The American healthcare system is facing a growing problem: people earning lower incomes suffer worse health outcomes than those earning higher wages. Often unable to shoulder the burden of rising insurance deductibles, those with fewer financial means find it difficult to access the care they need.
This income-based inequality isn’t just a moral problem; it’s straining an American healthcare system already staggered by the pandemic and the inflation crisis. Fewer patients able to access and afford care means less revenue for struggling providers.
Fortunately, new practices and technology are allowing hospitals to address affordability at the point of payment. By adopting a patient-focused, AI-powered approach to collections, providers can take a tangible step toward addressing healthcare inequality.
A Growing Problem
In 2016, British researchers published an alarming finding: the most affluent one percent of American men live an average of 15 years longer than the poorest one percent of American men. That’s five years more than smoking shortens life expectancy.
The correlation between wealth and health has been found in countries across the globe, but the degree of this correlation is a uniquely American problem. A 2020 study of high-income nations found that, on nearly every measure, income-related disparities were greatest in the U.S. For example, thirty-six percent of U.S. adults with lower income have two or more chronic medical conditions; aside from Australia (30 percent), no other country studied had a rate above 27 percent.
And consider that between 2011 and 2013, 38 percent of those in households making less than $22,500 a year reported being in poor or fair health, compared to just 12 percent in households making more than $47,700 a year—even when both groups were covered by insurance. Lower income Americans are more likely to suffer from high blood pressure, heart disease, childhood obesity, and more.

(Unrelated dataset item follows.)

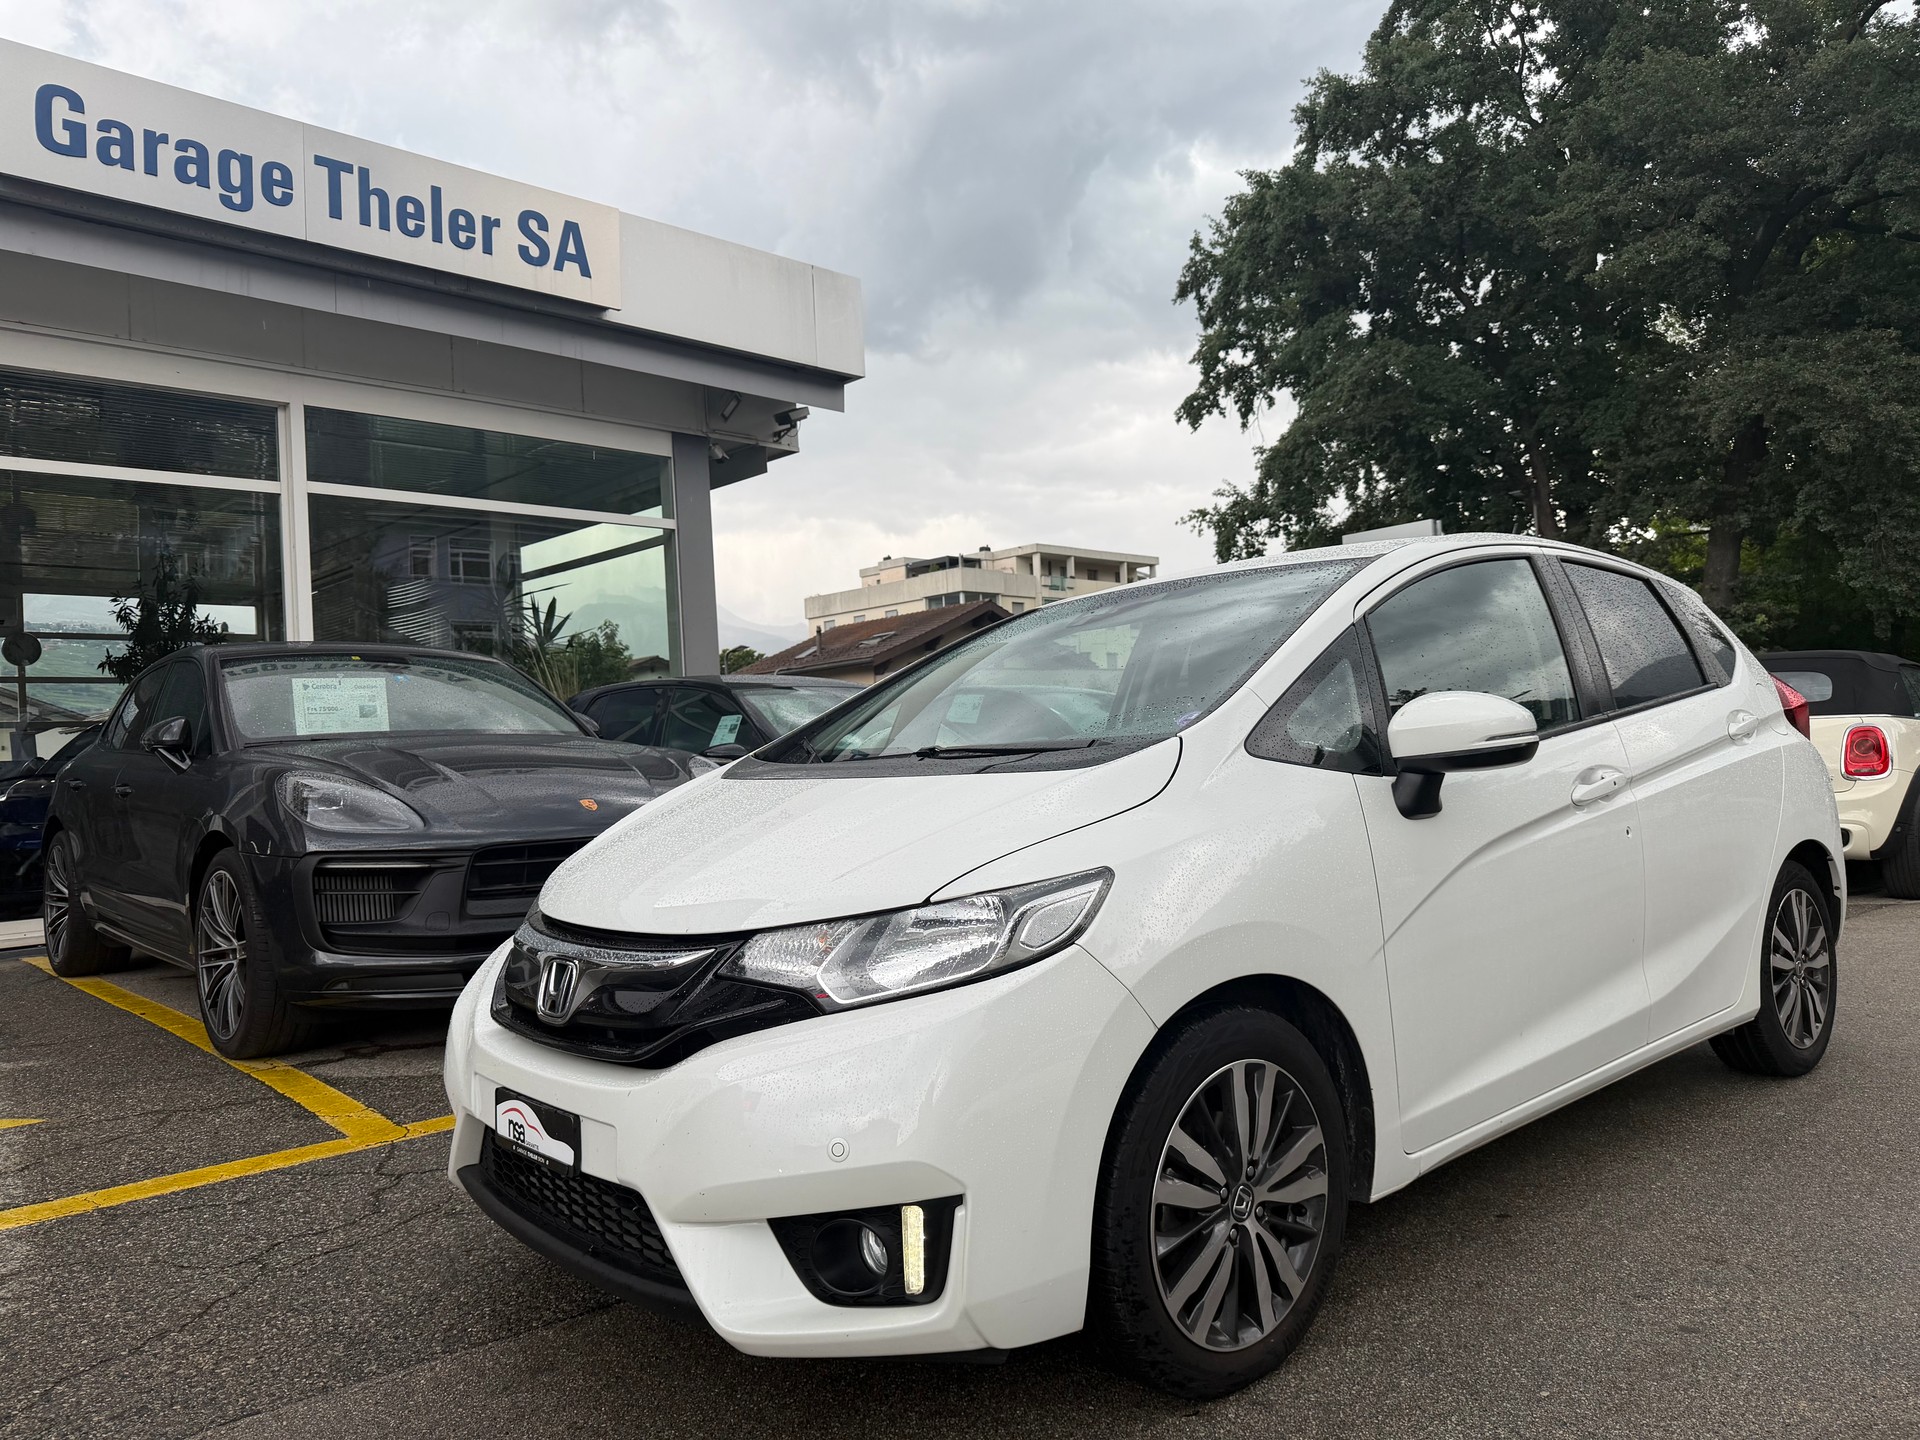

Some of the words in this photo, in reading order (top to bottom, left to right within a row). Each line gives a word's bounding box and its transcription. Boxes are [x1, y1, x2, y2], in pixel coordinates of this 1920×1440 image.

[34, 83, 295, 213] Garage
[313, 154, 501, 256] Theler
[517, 209, 592, 280] SA
[508, 1118, 526, 1145] nsa

The bottom line is this: earning a low income in America is measurably detrimental to one’s health.
The Rising Cost of Care
A wide swath of socioeconomic factors contribute to the vast and complex problem of income-based healthcare inequality, but there’s no doubt that rising health insurance deductibles are a major contributor.
The average deductible for an individual more than doubled between 2010 and 2020. Meanwhile, employers have reduced their share: the average deductible in employer-sponsored health plans jumped 255 percent between 2006 and 2015.

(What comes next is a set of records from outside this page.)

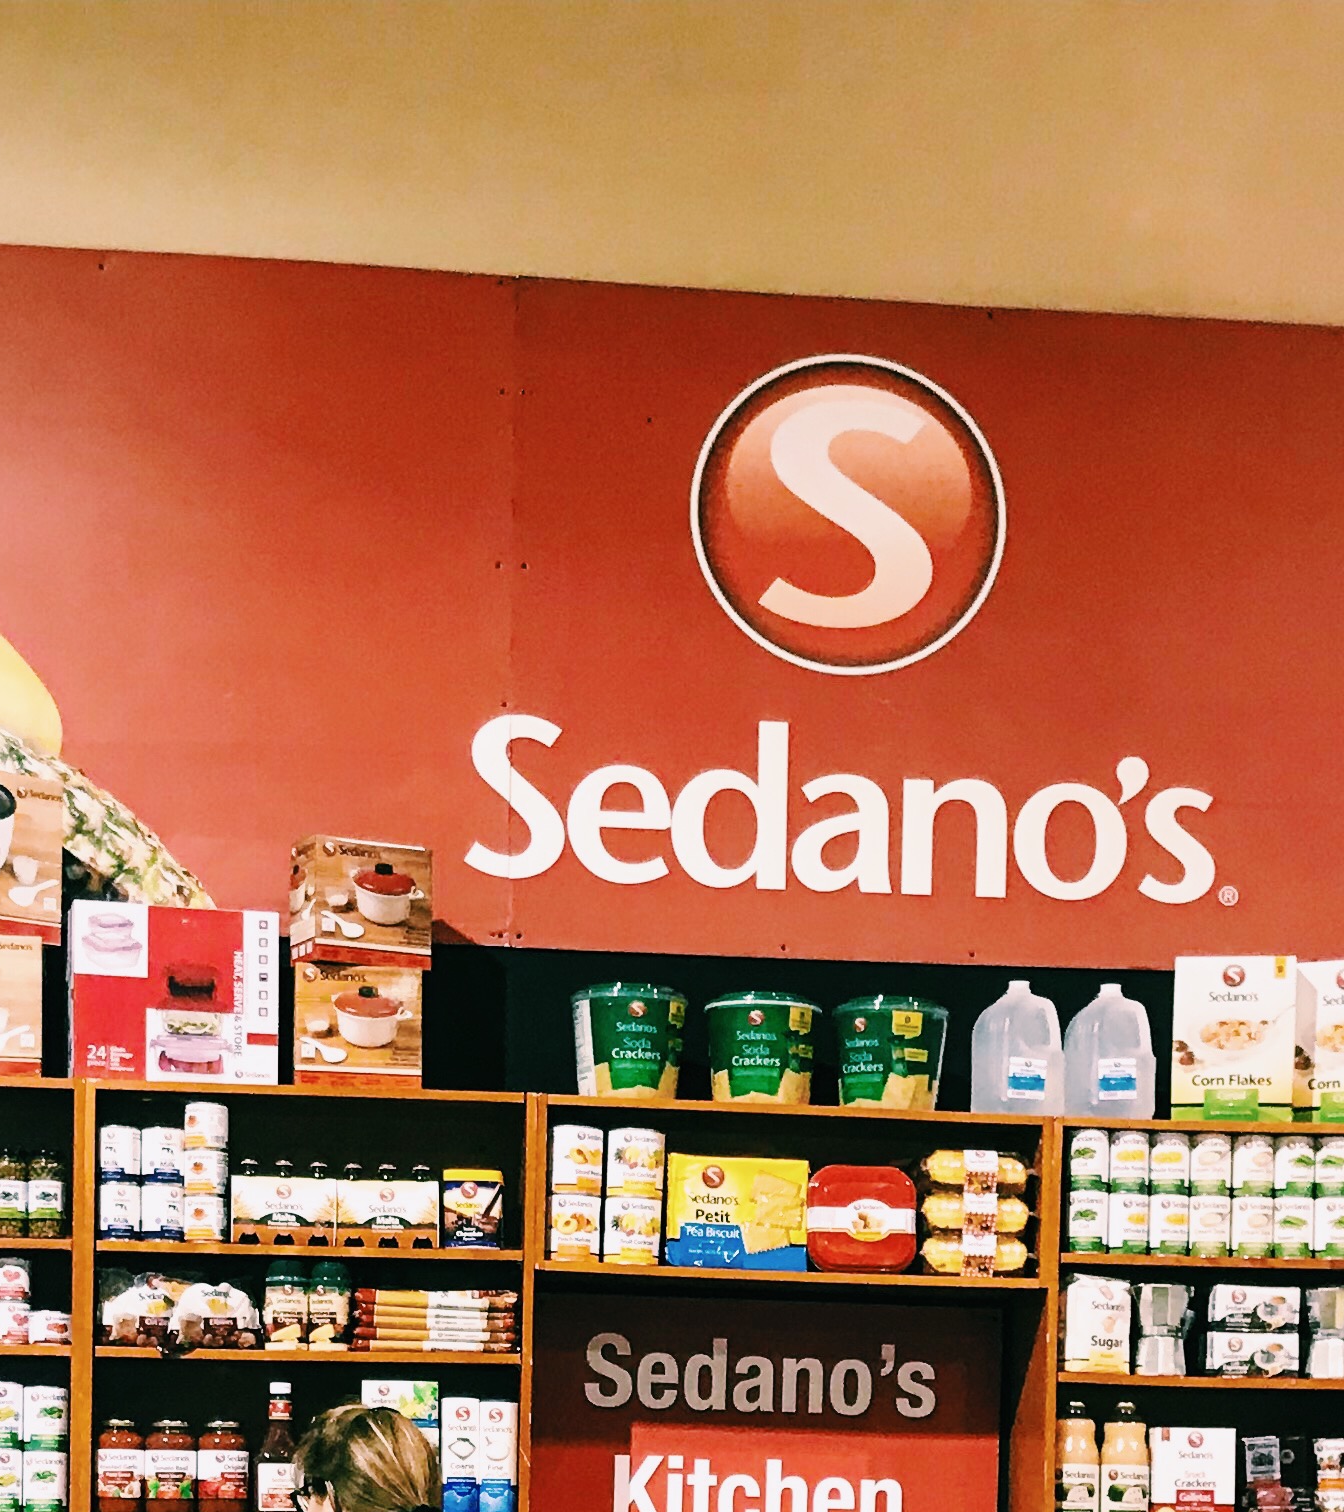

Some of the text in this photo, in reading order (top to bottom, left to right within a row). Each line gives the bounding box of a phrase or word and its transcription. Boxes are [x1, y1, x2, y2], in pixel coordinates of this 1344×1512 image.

[464, 713, 1216, 905] Sedano's
[623, 1036, 651, 1050] Soda
[742, 1043, 770, 1057] Soda
[86, 1044, 106, 1059] 24
[611, 1047, 661, 1061] Crackers
[848, 1050, 874, 1063] Soda
[731, 1055, 781, 1067] Crackers
[842, 1061, 884, 1074] Crackers
[1191, 1073, 1272, 1088] Corn Flakes
[1308, 1077, 1341, 1091] Corn
[695, 1208, 731, 1224] Petit
[706, 1225, 741, 1239] Biscuit
[1090, 1334, 1124, 1350] Sugar
[583, 1332, 937, 1419] Sedano's
[1174, 1478, 1217, 1488] Crackers

These hikes have increasingly shifted the burden of payment away from insurance companies and onto patients. High deductible policies stick patients with large lump sums they often can’t afford.
Fewer than four in 10 Americans can afford an unexpected medical expense of $1,000. Stuck between an out-of-pocket medical bill and the rising costs of food, gas, and rent, many are forced to put the charge on high-interest credit cards. Half of all Americans now carry some form of medical debt.
It’s no wonder, then, that those with fewer financial resources suffer worse health outcomes. In 2020, half of all low income Americans said they’d skipped doctor visits, recommended tests, follow-up care, or prescription medications in the past year because of the cost. (This compares to between 12 and 15 percent in Germany, the U.K., Norway, and France, where healthcare is more accessible.)
There is no tidy solution to a problem of this scope and magnitude; healthcare inequality is deeply enmeshed within broader inequities of income, education, and race. But that doesn’t mean there aren’t steps we can take to lower the financial burden and make quality healthcare more accessible for all Americans.
One such step: addressing affordability at the point of payment by offering patients personalized plans to pay off their medical bills.
Traditionally, patients are billed a large lump sum, at best broken up over a handful of months. This cookie-cutter approach doesn’t take into account a very human element: that patient’s ability to afford those large payments. What’s affordable for you isn’t necessarily affordable for me. This is where data and technology come in.
AI and machine learning can be used to process a patient’s financial data, compare it to millions of other data points, and calculate that patient’s unique ability to afford a given medical bill. Equipped with this information, we can deliver personalized payment plans designed specifically to increase affordability for that individual. This approach identifies patients at financial risk before they even receive their bill, then proactively supports them.
The ability to disperse a large lump sum can make all the difference to a family struggling to balance the budget. Remember that stat about 40 percent of Americans not being able to afford a surprise $1,000 bill? How much easier would it be to make that payment if it was broken down over 12 months? Eighteen months?
This approach doesn’t just benefit patients. Healthcare providers, many of which have struggled with tightening margins amid the pandemic and inflation, see collection rates increase by up to 40 percent when delivering data-driven personalized payment plans.
Healthier hospitals mean healthier patients. As operating margins strengthen, less cost is passed along to patients. That dynamic is key to maneuvering the American healthcare system out of the vicious patient billing cycle in which it’s currently mired.
Optimizing the patient billing experience can’t solve income-based inequality on its own. But by addressing affordability at the point of payment, providers can take a modest but important step toward ensuring that our financial means don’t determine our health outcomes.